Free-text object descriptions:
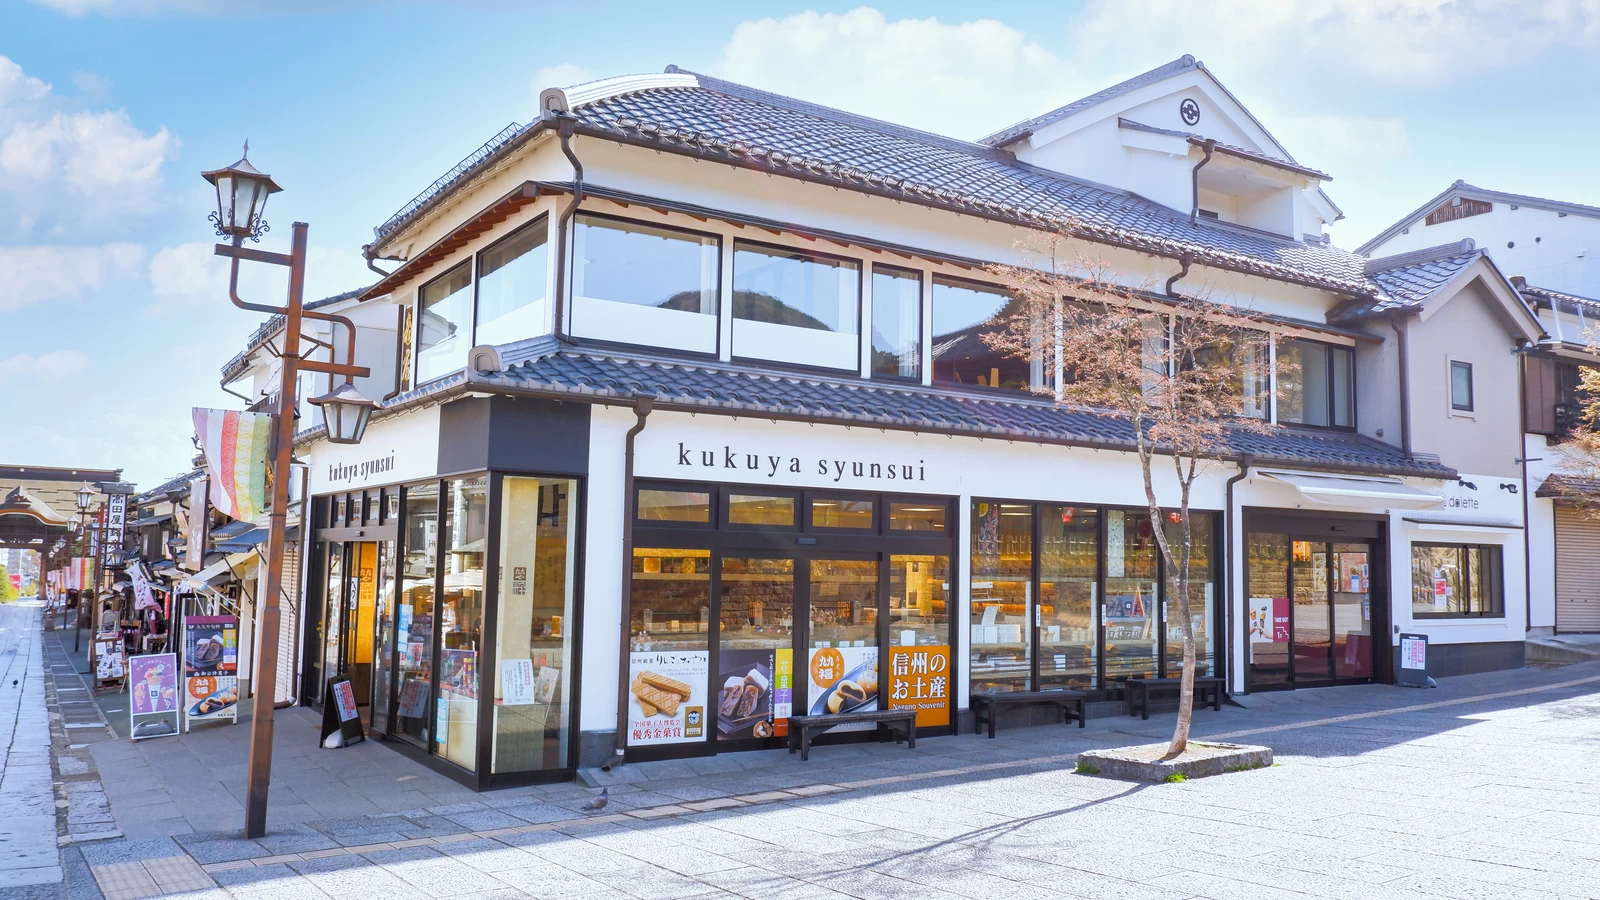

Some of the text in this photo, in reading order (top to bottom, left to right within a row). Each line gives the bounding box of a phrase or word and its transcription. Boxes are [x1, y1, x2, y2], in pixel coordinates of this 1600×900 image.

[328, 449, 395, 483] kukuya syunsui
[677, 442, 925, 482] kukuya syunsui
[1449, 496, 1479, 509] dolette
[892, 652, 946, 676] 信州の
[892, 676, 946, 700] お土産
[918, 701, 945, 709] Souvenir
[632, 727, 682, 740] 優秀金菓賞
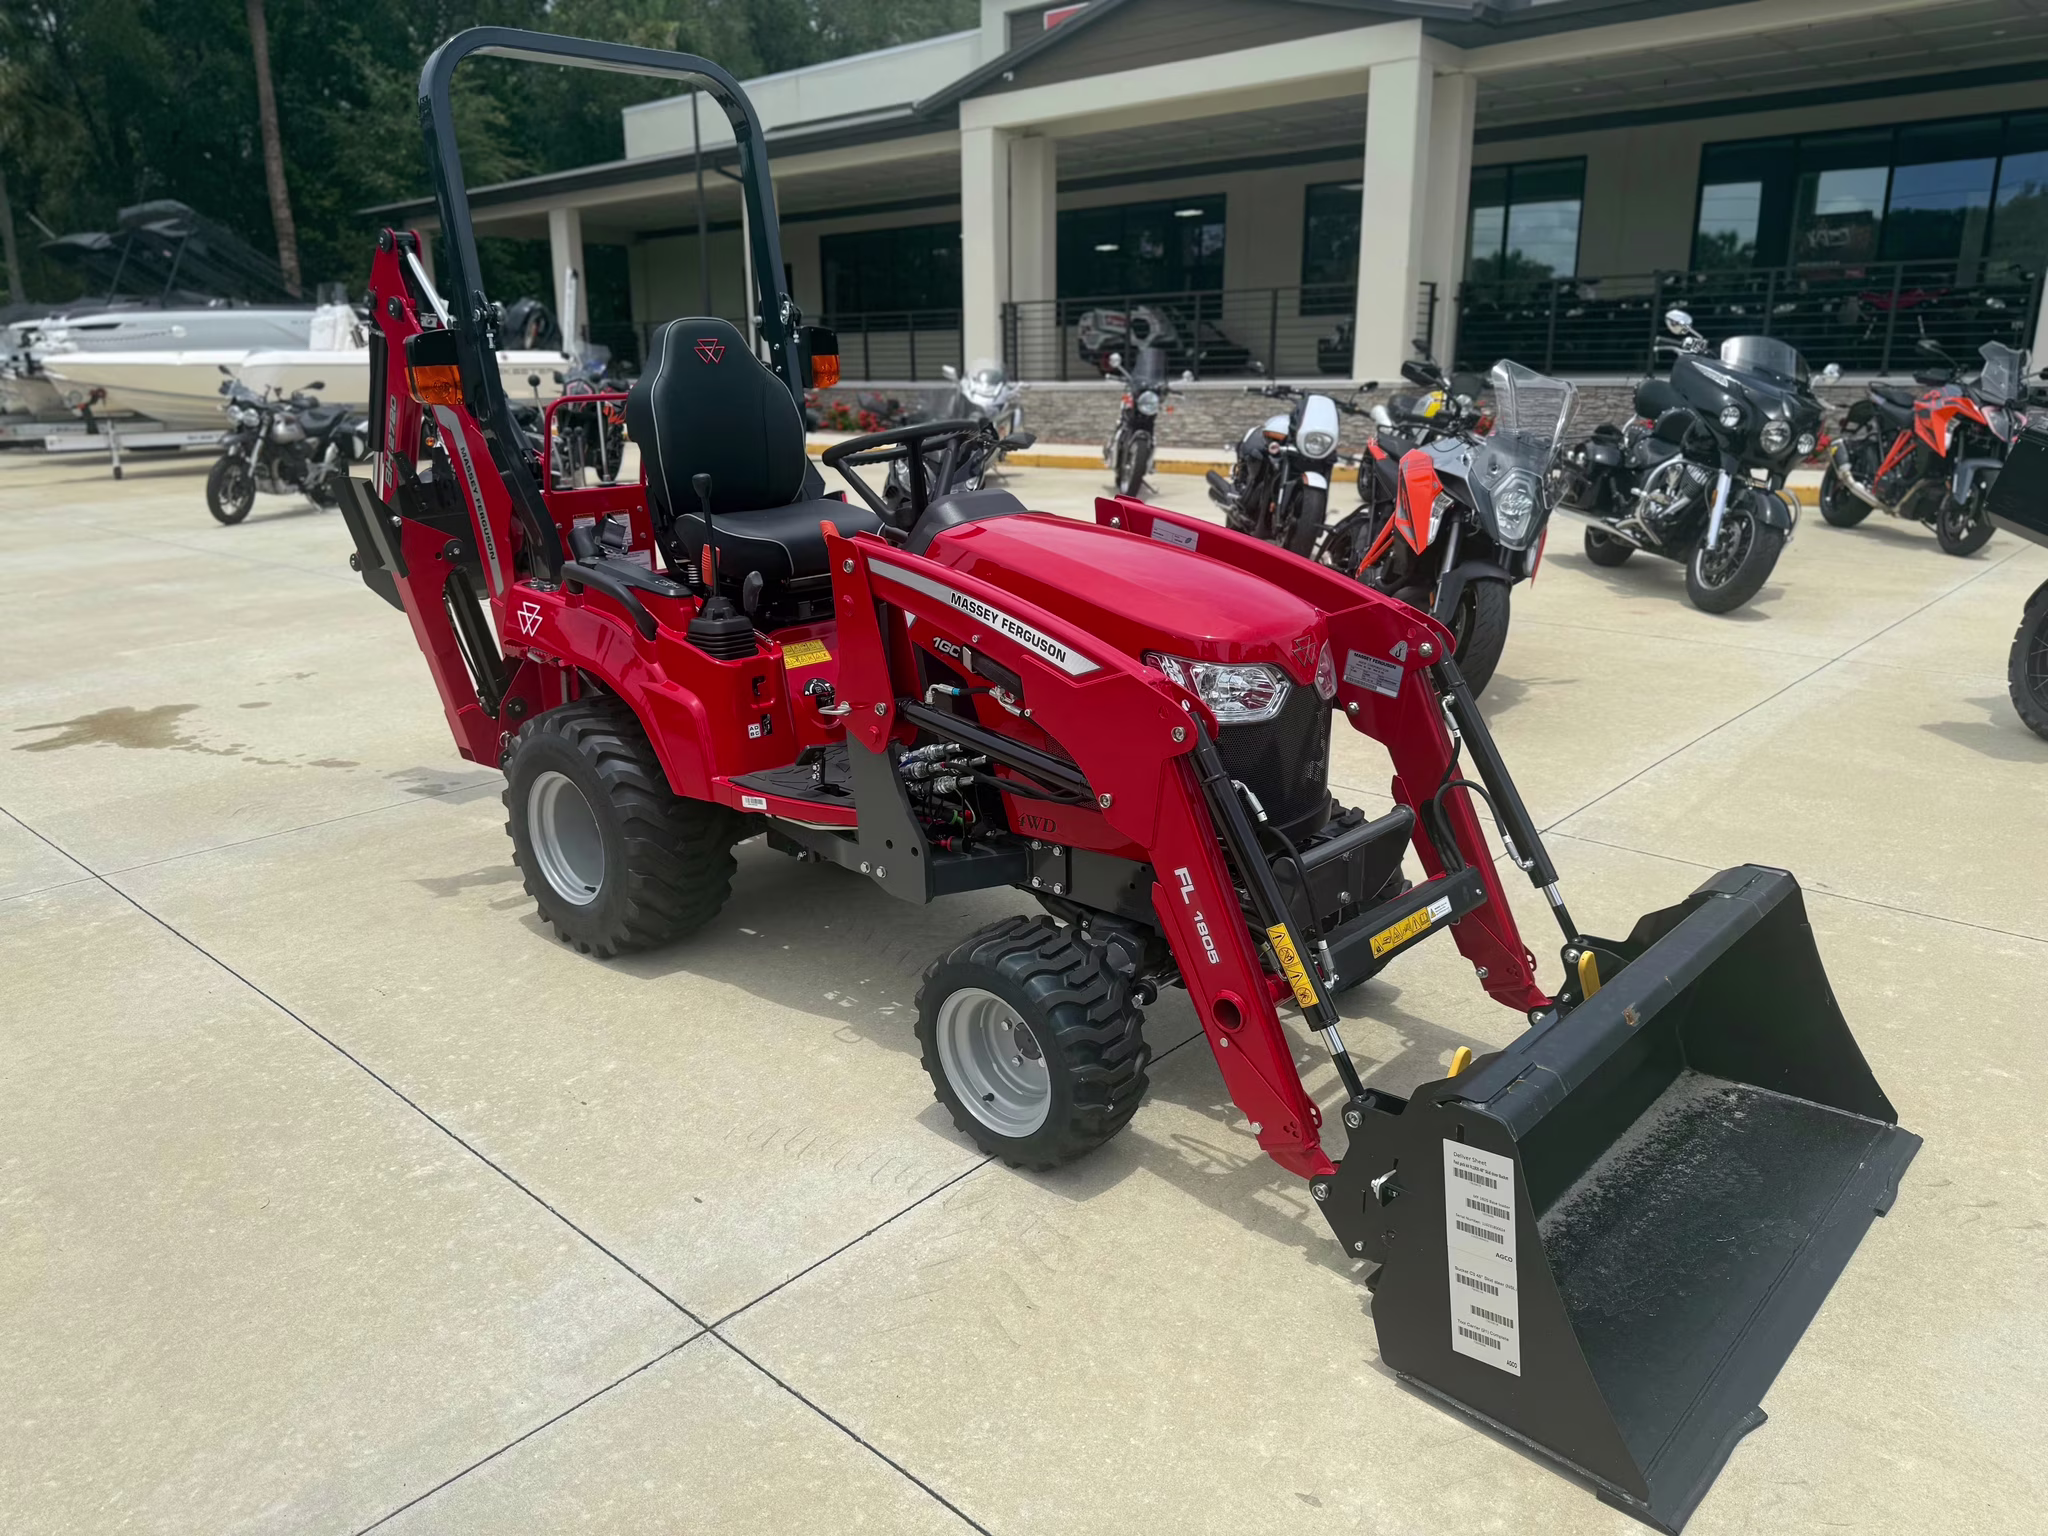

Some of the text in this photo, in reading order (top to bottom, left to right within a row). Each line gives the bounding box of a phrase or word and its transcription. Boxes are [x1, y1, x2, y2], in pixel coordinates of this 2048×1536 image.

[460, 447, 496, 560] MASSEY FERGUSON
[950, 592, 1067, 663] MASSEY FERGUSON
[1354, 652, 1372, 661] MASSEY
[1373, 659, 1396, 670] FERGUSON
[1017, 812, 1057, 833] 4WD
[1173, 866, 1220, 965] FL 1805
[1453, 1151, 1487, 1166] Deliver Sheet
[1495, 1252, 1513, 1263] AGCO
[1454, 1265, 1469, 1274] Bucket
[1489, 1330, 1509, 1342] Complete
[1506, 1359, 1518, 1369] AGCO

* **WORK TO BE COMPLETED**
Apart from the pictures, all of the data must be duplicated exactly as shown above.

* **RESPONSE**
Some of the text in this photo, in reading order (top to bottom, left to right within a row). Each line gives the bounding box of a phrase or word and its transcription. Boxes are [x1, y1, x2, y2], in pixel coordinates of this 1600×900 image.

[328, 449, 395, 483] kukuya syunsui
[677, 442, 925, 482] kukuya syunsui
[1449, 496, 1479, 509] dolette
[892, 652, 946, 676] 信州の
[892, 676, 946, 700] お土産
[918, 701, 945, 709] Souvenir
[632, 727, 682, 740] 優秀金菓賞

Some of the text in this photo, in reading order (top to bottom, left to right within a row). Each line gives the bounding box of a phrase or word and its transcription. Boxes are [x1, y1, x2, y2], in pixel coordinates of this 2048×1536 image.

[460, 447, 496, 560] MASSEY FERGUSON
[950, 592, 1067, 663] MASSEY FERGUSON
[1354, 652, 1372, 661] MASSEY
[1373, 659, 1396, 670] FERGUSON
[1017, 812, 1057, 833] 4WD
[1173, 866, 1220, 965] FL 1805
[1453, 1151, 1487, 1166] Deliver Sheet
[1495, 1252, 1513, 1263] AGCO
[1454, 1265, 1469, 1274] Bucket
[1489, 1330, 1509, 1342] Complete
[1506, 1359, 1518, 1369] AGCO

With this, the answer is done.